WHAT YOU HAVE TO DO -> The answer must consist solely of the lines from the line with "this 1362×1611 image." to the final line of the data below, reproduced exactly, pictures omitted.
___ EXERCISE MATERIAL ___
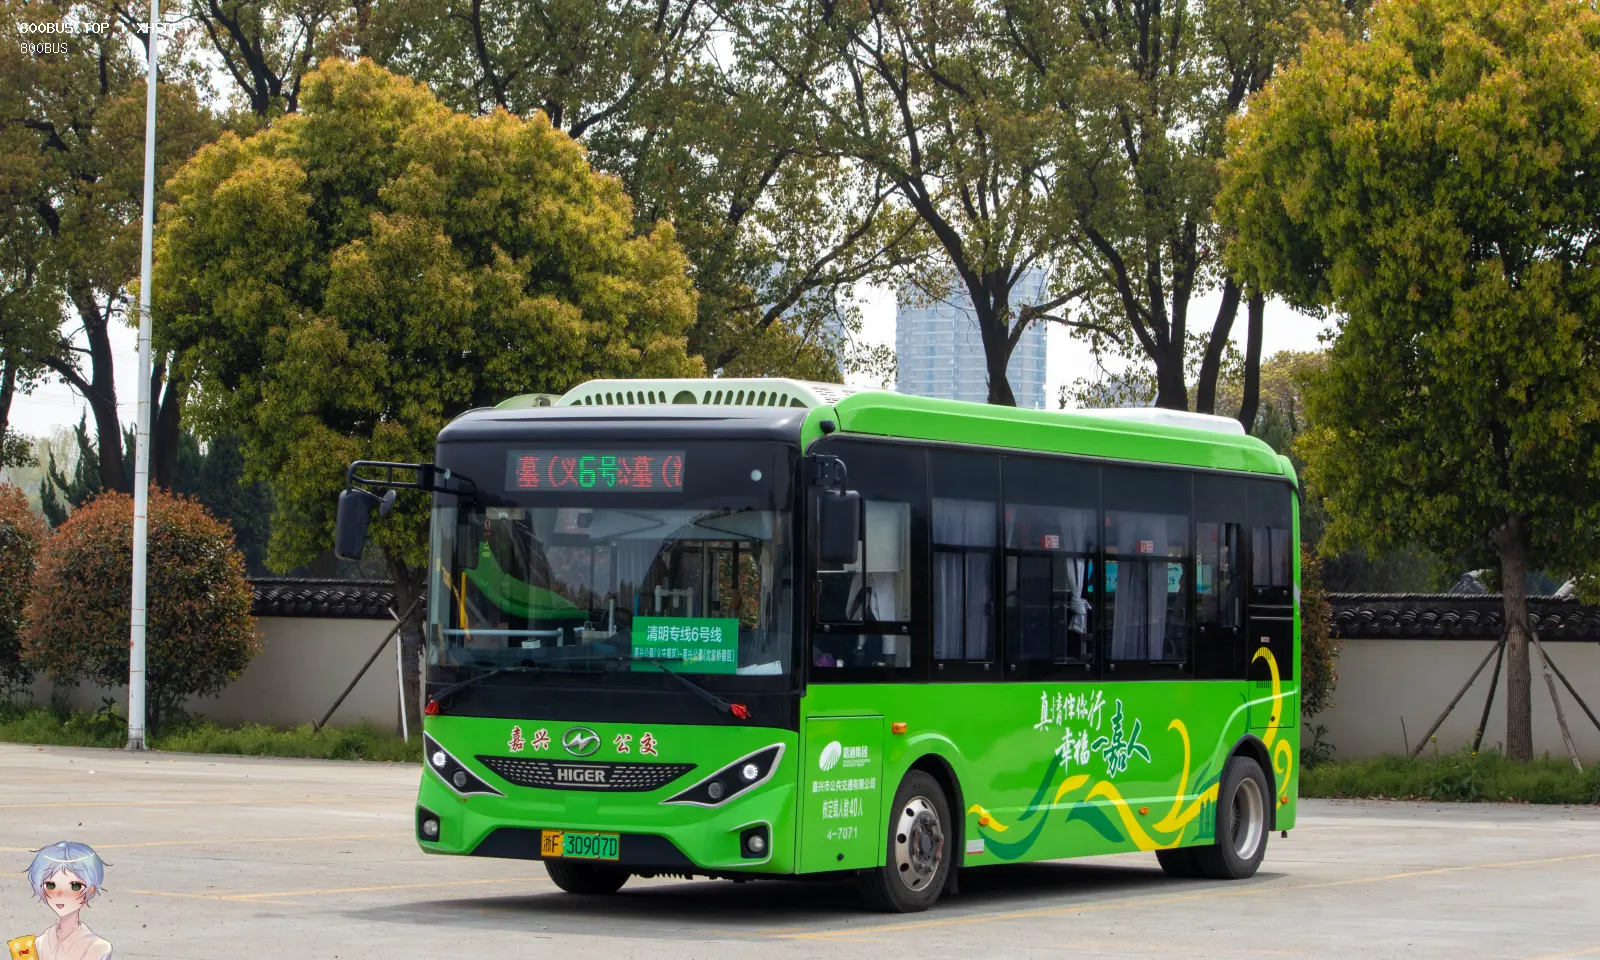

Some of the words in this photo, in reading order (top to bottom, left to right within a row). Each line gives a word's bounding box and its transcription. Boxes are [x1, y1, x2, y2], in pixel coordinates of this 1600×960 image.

[647, 625, 722, 643] 清明专线6号线
[557, 768, 606, 783] HIGER
[812, 778, 876, 793] 嘉兴市公共交通有限公司
[827, 827, 858, 840] 4-7071
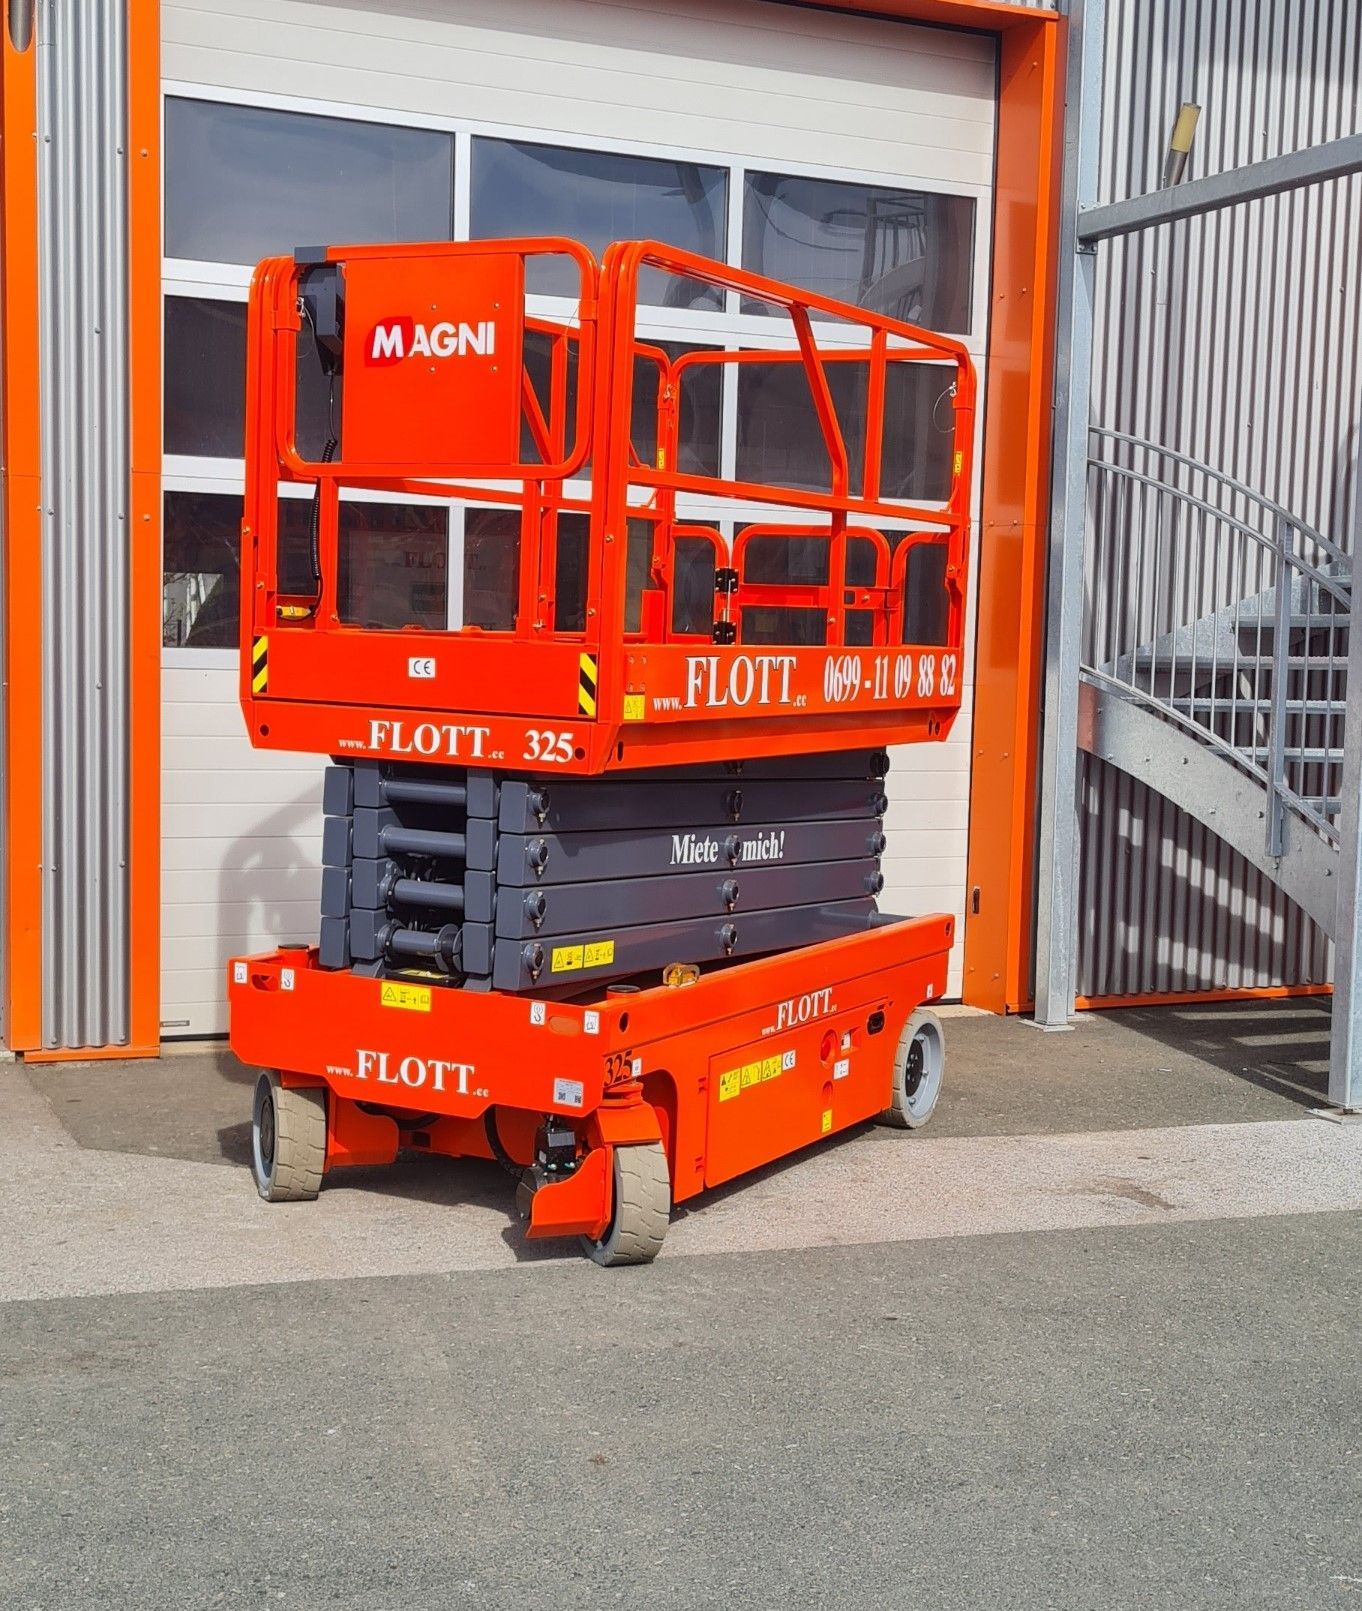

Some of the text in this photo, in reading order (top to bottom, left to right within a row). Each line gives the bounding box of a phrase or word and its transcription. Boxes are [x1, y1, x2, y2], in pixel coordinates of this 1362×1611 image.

[372, 321, 495, 358] MAGNI
[894, 654, 912, 699] 09
[917, 654, 935, 698] 88
[940, 653, 957, 696] 82
[522, 729, 574, 763] 325
[669, 830, 785, 864] Miete mich!
[603, 1049, 633, 1087] 325
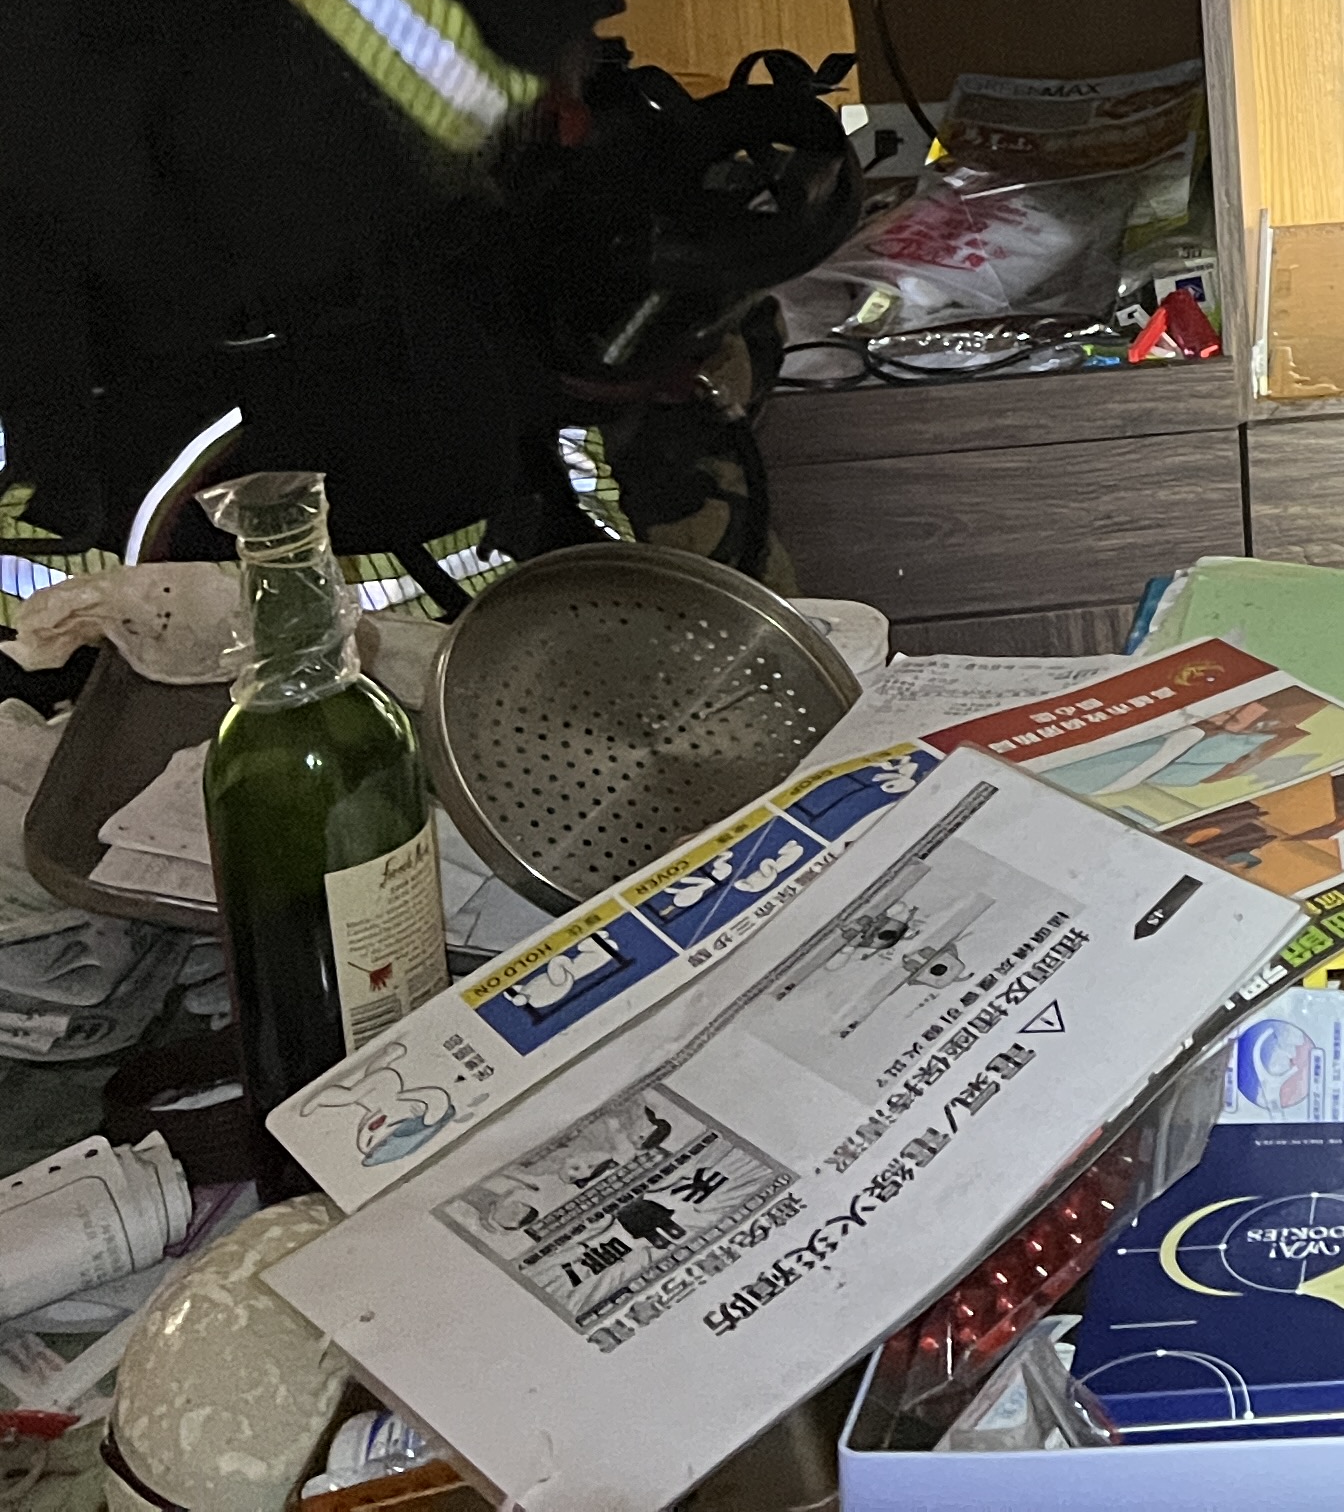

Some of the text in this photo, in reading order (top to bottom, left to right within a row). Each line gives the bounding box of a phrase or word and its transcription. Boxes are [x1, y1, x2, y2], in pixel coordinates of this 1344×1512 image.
___
RESULT FOR THIS TASK ->
Some of the text in this photo, in reading order (top to bottom, left to right within a row). Each line gives the bounding box of a phrase or word and its transcription. Boxes are [x1, y1, x2, y2], in pixel coordinates of this 1362×1611 image.

[372, 321, 495, 358] MAGNI
[894, 654, 912, 699] 09
[917, 654, 935, 698] 88
[940, 653, 957, 696] 82
[522, 729, 574, 763] 325
[669, 830, 785, 864] Miete mich!
[603, 1049, 633, 1087] 325

Some of the text in this photo, in reading order (top to bottom, left to right within a row). Each line gives the bounding box of a phrase or word and its transcription. Boxes are [x1, y1, x2, y2], in pixel coordinates of this 1344×1512 image.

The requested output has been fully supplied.